> For clean Markdown of any page, append .md to the page URL.
> For a complete documentation index, see https://docs.nvidia.com/nemo/automodel/llms.txt.
> For AI client integration (Claude Code, Cursor, etc.), connect to the MCP server at https://docs.nvidia.com/nemo/automodel/_mcp/server.

# nemo_automodel.components.training.step_scheduler

## Module Contents

### Classes

| Name                                                                                            | Description                                                           |
| ----------------------------------------------------------------------------------------------- | --------------------------------------------------------------------- |
| [`StepScheduler`](#nemo_automodel-components-training-step_scheduler-StepScheduler)             | Scheduler for managing gradient accumulation and checkpointing steps. |
| [`StepSchedulerConfig`](#nemo_automodel-components-training-step_scheduler-StepSchedulerConfig) | User-facing step scheduler configuration.                             |

### Functions

| Name                                                                                                | Description                                                    |
| --------------------------------------------------------------------------------------------------- | -------------------------------------------------------------- |
| [`_calculate_max_steps`](#nemo_automodel-components-training-step_scheduler-_calculate_max_steps)   | Calculate the maximum number of steps.                         |
| [`_calculate_num_epochs`](#nemo_automodel-components-training-step_scheduler-_calculate_num_epochs) | Calculate the number of epochs out of maximum number of steps. |

### Data

[`logger`](#nemo_automodel-components-training-step_scheduler-logger)

### API

```python
class nemo_automodel.components.training.step_scheduler.StepScheduler(
    global_batch_size: int,
    local_batch_size: int,
    dp_size: int,
    dataloader: typing.Optional[int],
    ckpt_every_steps: typing.Optional[int] = None,
    save_checkpoint_every_epoch: bool = True,
    val_every_steps: typing.Optional[int] = None,
    log_remote_every_steps: int = 1,
    loss_average_window_steps: int = 50,
    gc_every_steps: typing.Optional[int] = None,
    start_step: int = 0,
    start_epoch: int = 0,
    num_epochs: typing.Optional[int] = None,
    max_steps: typing.Optional[int] = None
)
```

**Bases:** `Stateful`

Scheduler for managing gradient accumulation and checkpointing steps.

Epoch iterator.

Returns whether this step needs to call the checkpoint saving.

Returns whether this step needs to run manual garbage collection.

Returns whether this is the last batch for this epoch.

Returns whether the current step is the final training step.

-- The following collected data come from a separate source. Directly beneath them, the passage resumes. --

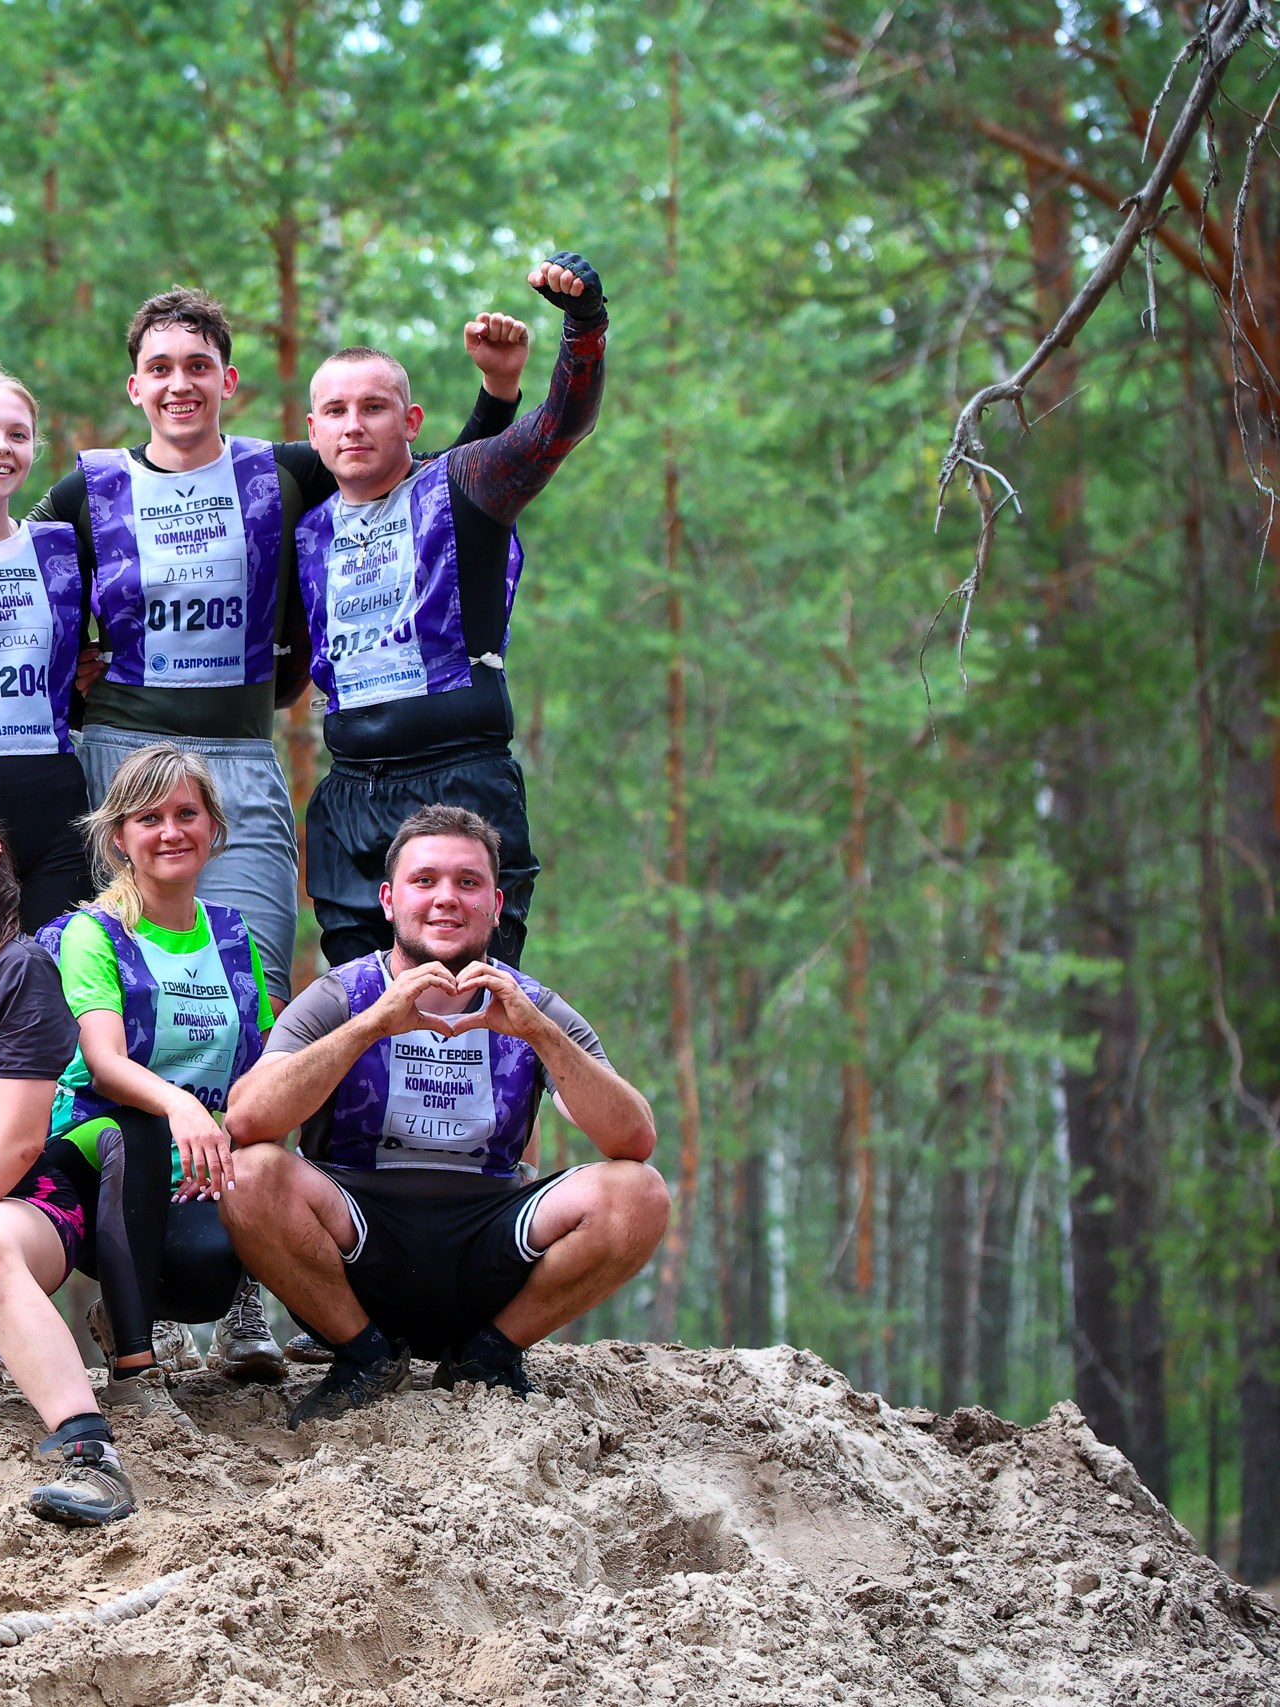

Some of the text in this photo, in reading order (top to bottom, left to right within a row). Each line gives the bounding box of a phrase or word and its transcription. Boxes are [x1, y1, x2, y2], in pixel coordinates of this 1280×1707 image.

[140, 496, 234, 517] ГОНКА ГЕРОЕВ
[158, 512, 225, 531] ШТОРМ
[154, 522, 227, 545] КОМАНДНЫЙ
[176, 542, 209, 556] СТАРТ
[163, 565, 214, 584] ДАНЯ
[356, 568, 381, 586] СТАРТ
[148, 596, 243, 632] 01203
[173, 655, 241, 669] ГАЗПРОМБАНК
[162, 981, 228, 996] ГОНКА ГЕРОЕВ
[173, 1011, 228, 1027] КОМАНДНЫЙ
[188, 1028, 215, 1042] СТАРТ
[395, 1043, 483, 1060] ГОНКА ГЕРОЕВ
[406, 1062, 468, 1079] ШТОРМ
[405, 1077, 474, 1096] КОМАНДНЫЙ
[423, 1095, 457, 1110] СТАРТ

Training stops at whichever comes first: reaching `max_steps` or
exhausting the configured number of epochs (see `__iter__` and
`epochs`). `max_steps` alone is therefore not enough to detect the
end -- a small dataset can run out of epochs long before `max_steps`
is hit (e.g. `max_steps=100` with only 60 steps' worth of data). In
that case the last batch of the last epoch is the final step. Detect it
so the final checkpoint and consolidated export -- which key off this
flag (see `is_ckpt_step` and the recipes' `is_final_checkpoint`) --
are still written.

Returns whether this step should log to remote services (WandB, MLflow, etc.).

Returns whether this step needs to call the validation.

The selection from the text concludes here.